Bitcoin has witnessed a steady increase to new all-time highs, pushing beyond $20,000 per BTC as of December 2020, but it was not always that steady.
Look no farther than 2018 to see how troubled the market has become. Bitcoin was trading around $13,500 in early 2018, after hitting an all-time high of $19,783.06 in December of 2017. It later fell below $3,400, a loss of about three-quarters of its value—and other digital currencies weren’t faring any better at the time. For example, Ethereum (ETH) plummeted from an early-year high of $1,300 to barely $91 by December 2018, then rising back to over $450 by the end of 2020. 1
Cryptocurrencies such as Bitcoin and Ethereum have shown to be robust. Retail and institutional investor interest in digital currencies has surged considerably in recent months. Many early investors who were anxious to profit from the “cryptocurrency frenzy” have now moved on to other endeavors, leaving behind a smaller core of persistent HODL-ers. However, there are grounds to assume that the cryptocurrency business still has some fight left in it.
Investors are once again wondering how far digital currency can go. And, as of December 2020, Bitcoin had returned to all-time highs, hitting over $23,625 and Ethereum had over $700.2 Looking forward to the end of 2020 and the beginning of 2021, the greater question may be how this sector will evolve in order to survive.

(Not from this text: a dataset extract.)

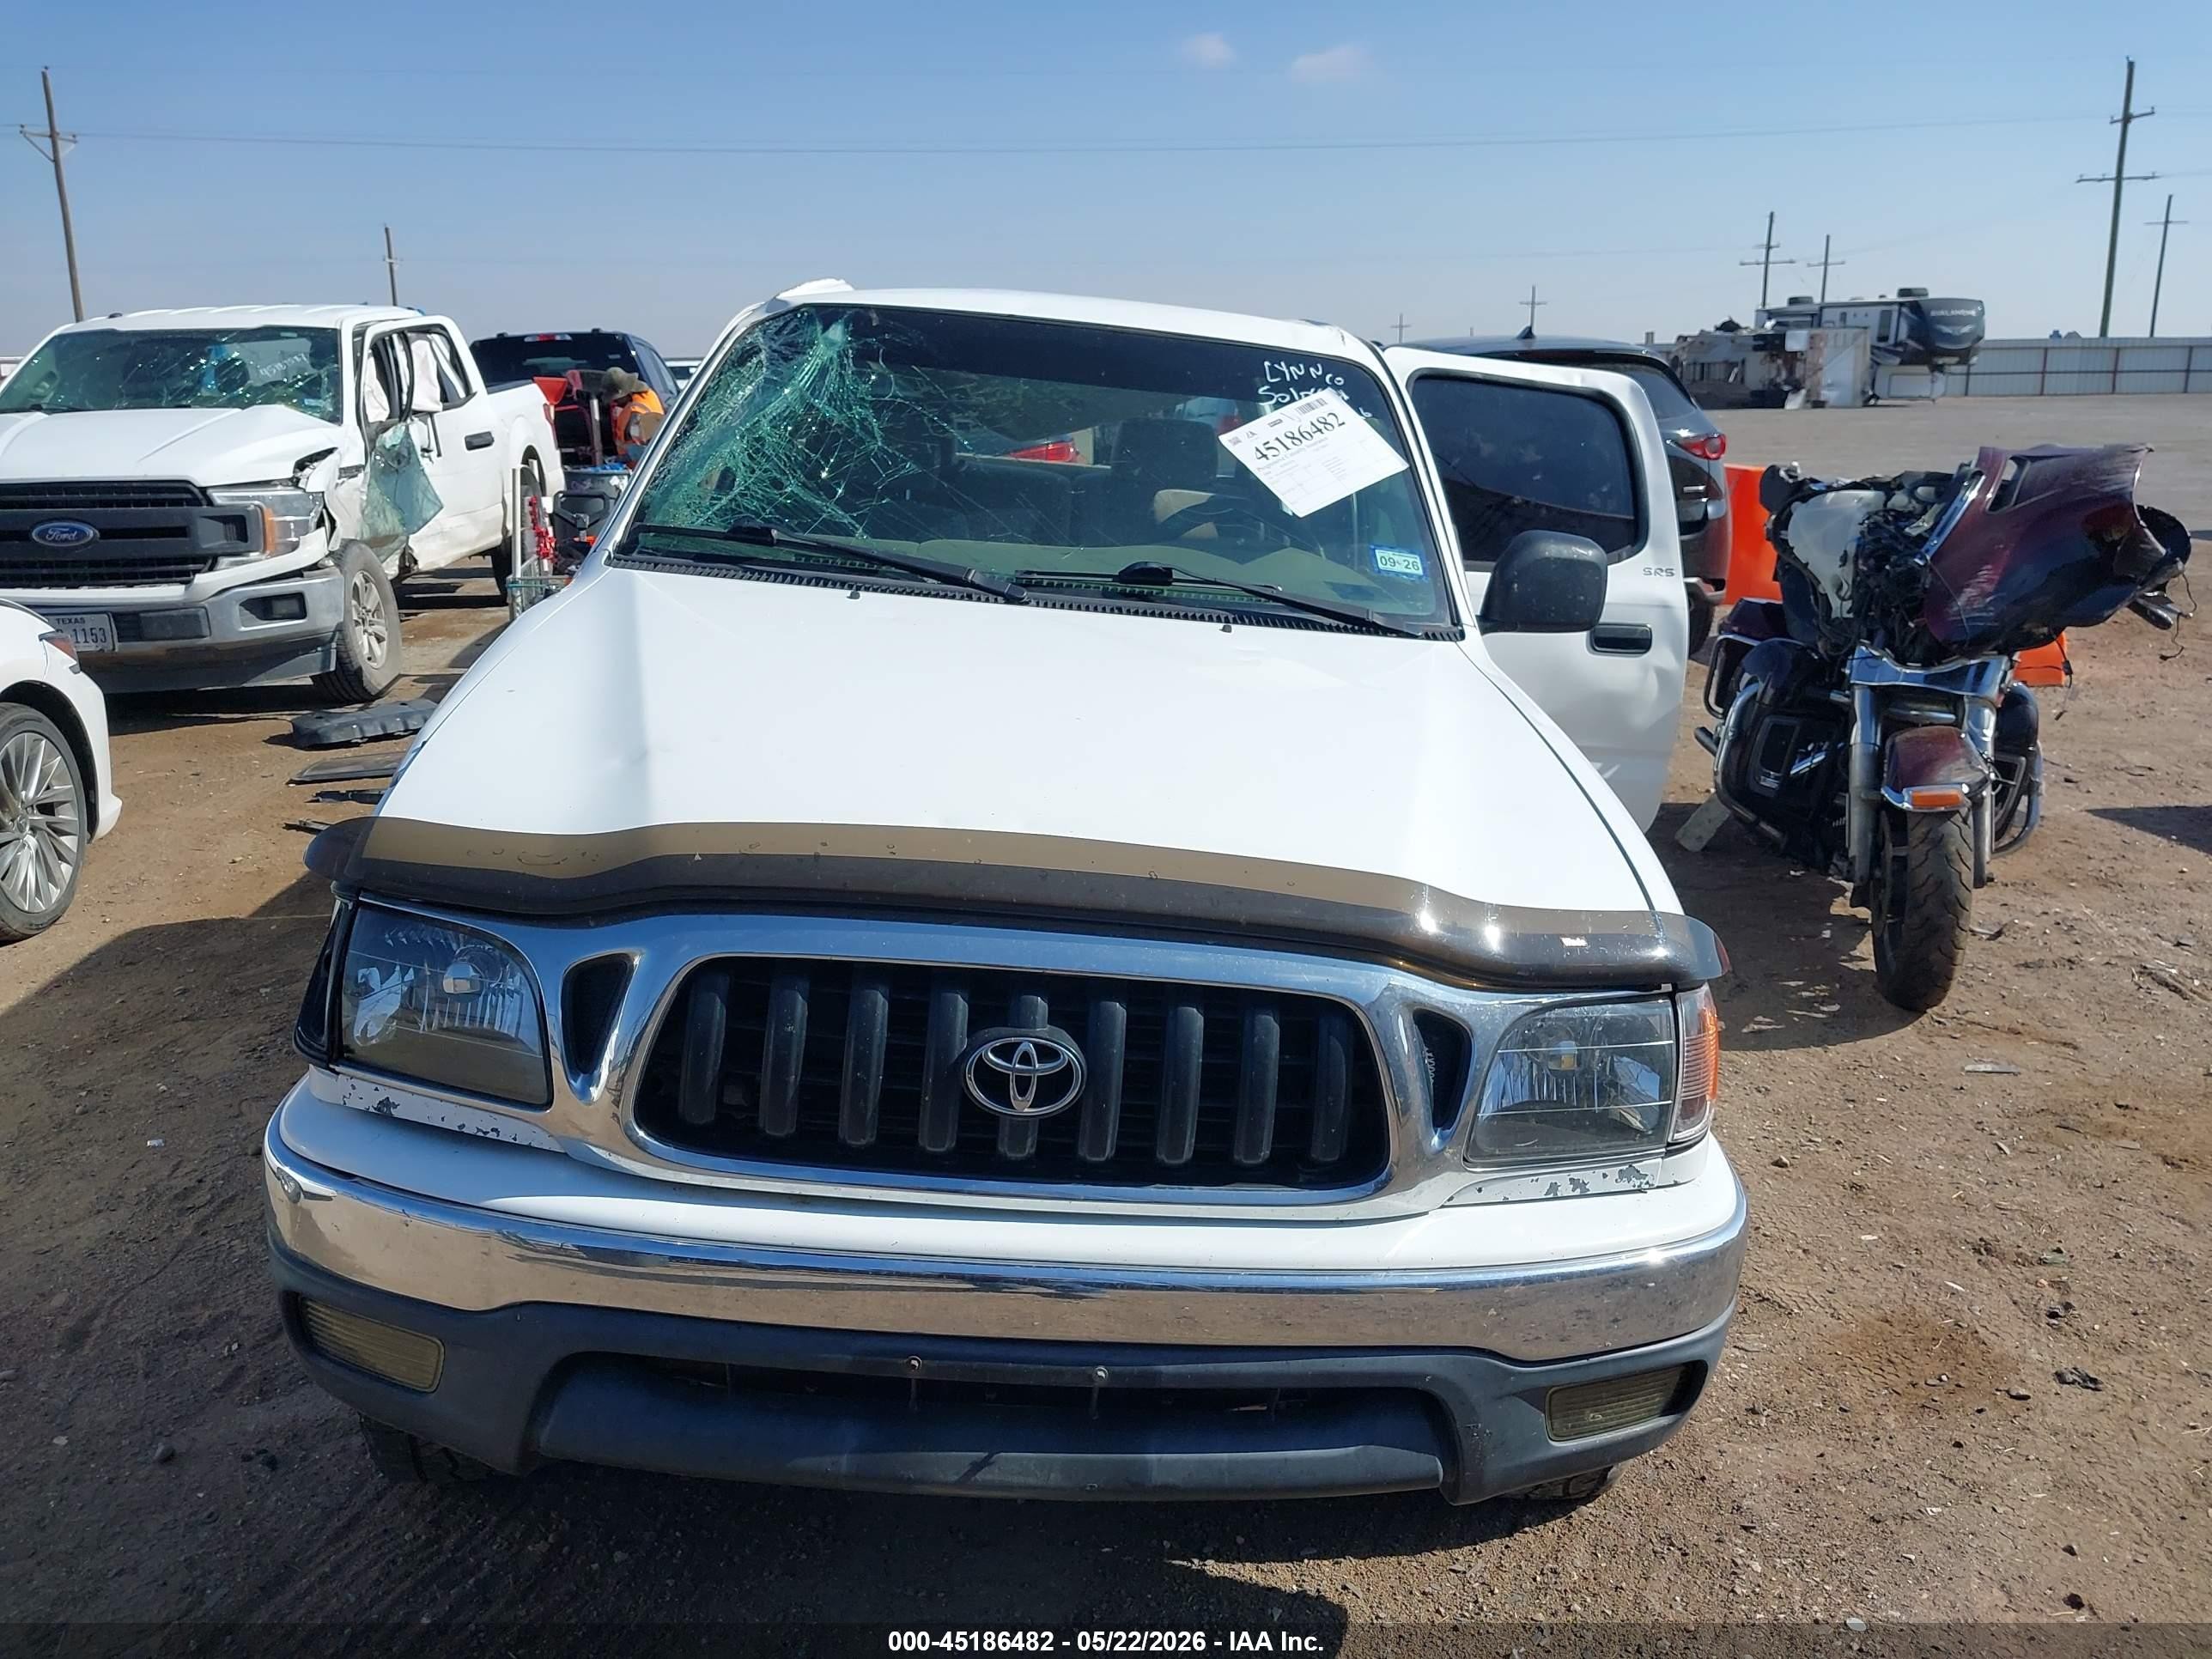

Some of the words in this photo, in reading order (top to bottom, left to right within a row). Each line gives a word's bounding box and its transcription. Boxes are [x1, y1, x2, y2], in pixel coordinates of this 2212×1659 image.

[1254, 412, 1346, 461] 45186482
[1380, 556, 1396, 568] 09
[1402, 559, 1419, 571] 26
[55, 617, 86, 626] TEXAS

- Over the last decade, Bitcoin and other cryptocurrencies have developed as a new asset class with remarkable gains.
- After hitting over $20,000 in early 2018, Bitcoin has now dropped to roughly $3,000 as the rest of the crypto market has also dropped.

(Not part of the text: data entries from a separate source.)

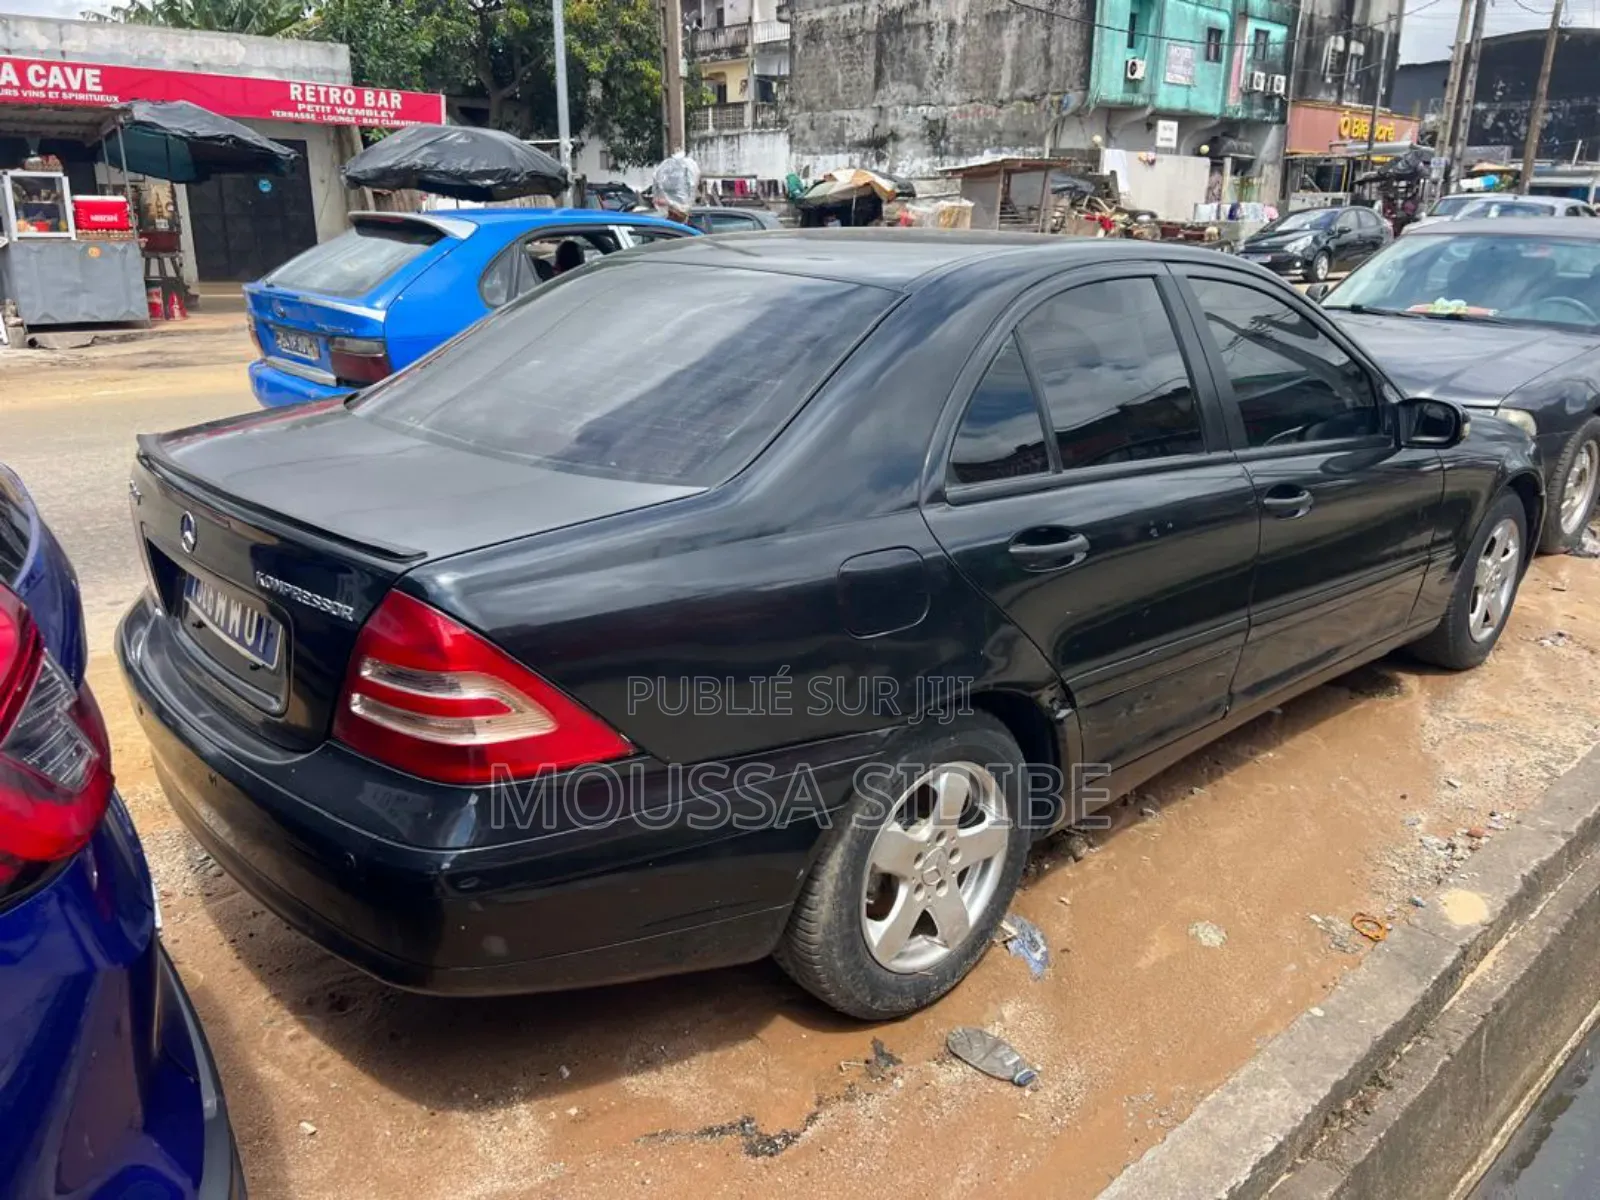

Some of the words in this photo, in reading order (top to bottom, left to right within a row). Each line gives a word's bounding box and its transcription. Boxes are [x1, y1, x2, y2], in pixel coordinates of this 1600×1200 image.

[0, 62, 20, 86] A
[27, 64, 103, 92] CAVE
[20, 90, 46, 99] VINS
[48, 91, 60, 99] ET
[61, 92, 119, 102] SPIRITUEUX
[289, 84, 356, 105] RETRO
[364, 90, 402, 109] BAR
[271, 110, 316, 121] TERRASSE
[323, 115, 356, 124] LOUNGE
[362, 117, 380, 125] BAR
[297, 103, 332, 114] PETIT
[335, 106, 396, 118] WEMBLEY
[255, 570, 354, 622] KOMPRESSOR

- 2019 and 2020 have been years of recovery, with Bitcoin rising beyond $15,000, but can the bull market last?
- Several recent events, including as rising institutional interest, imminent ETF clearance, and the popularity of stablecoins, indicate that the trend is likely to continue.
Institutional Investors Get in the Game
Although trading numbers for private investors are down in many situations, institutions are now getting on board in a big manner. Institutional investors permit substantially higher trading volumes than most individual investors, implying that even if fewer trading partners trade in the digital currency area, the business may still thrive.
Several prospective changes in 2020 and 2021 are expected to have a substantial influence on institutional engagement in the digital currency market. If crypto gets listed on the Nasdaq or another equivalent exchange, it will quickly gain reputation—and presumably value.
The Elusive Bitcoin ETF
For years, crypto aficionados have wished for a digital currency ETF that would be accessible to mainstream investors in the United States. The Securities and Exchange Commission (SEC) of the United States has frequently rejected or postponed Bitcoin ETF applications to be evaluated at a later date. One of VanEck’s most talked-about funds has had its final approval decision put back many times.
Some experts feel that the adoption of a mainstream Bitcoin ETF might give the digital currency sector a substantial boost, allowing investors to join without some of the dangers involved with purchasing and selling coins directly. However, the destiny of VanEck’s fund is unknown for the time being.
Stablecoins Take the Lead
Stablecoins are digital tokens tied to a fiat currency that serve as hedging measures against the probable collapse of underlying cryptocurrency collateral prices—and they might be the industry’s greatest chance heading into 2021.
Stablecoins may gain in value next year for two reasons: one, the long-term instability of non-centralized tokens; and two, the present stablecoin market leader, tether, is about to be dethroned.
Tether (USDT), being one of the first stablecoins to enter the mainstream, has gone through a series of publicly publicized growing pains as the sub-industry matured. Other stablecoins have already joined the field, attempting to dethrone it.
What Do We Know for Sure?
While it’s tough to predict which digital currencies will enjoy significant price increases in 2021, we can state with certainty that cryptocurrency is not going away anytime soon. Blockchain technology, which underpins several cryptocurrencies, has gone well beyond the digital currency business and is expected to find new uses this year. Governments and regulators will continue to struggle with the appropriate way to enable and manage digital tokens.
The peak of cryptocurrencies may have passed, but the crypto market may still have a lot more upside to offer. One thing is certain: cryptocurrencies were once poised to destabilize the whole financial system. That type of commotion doesn’t go away quickly, so expect to hear from cryptocurrency—or at least its biggest supporters—for at least another year.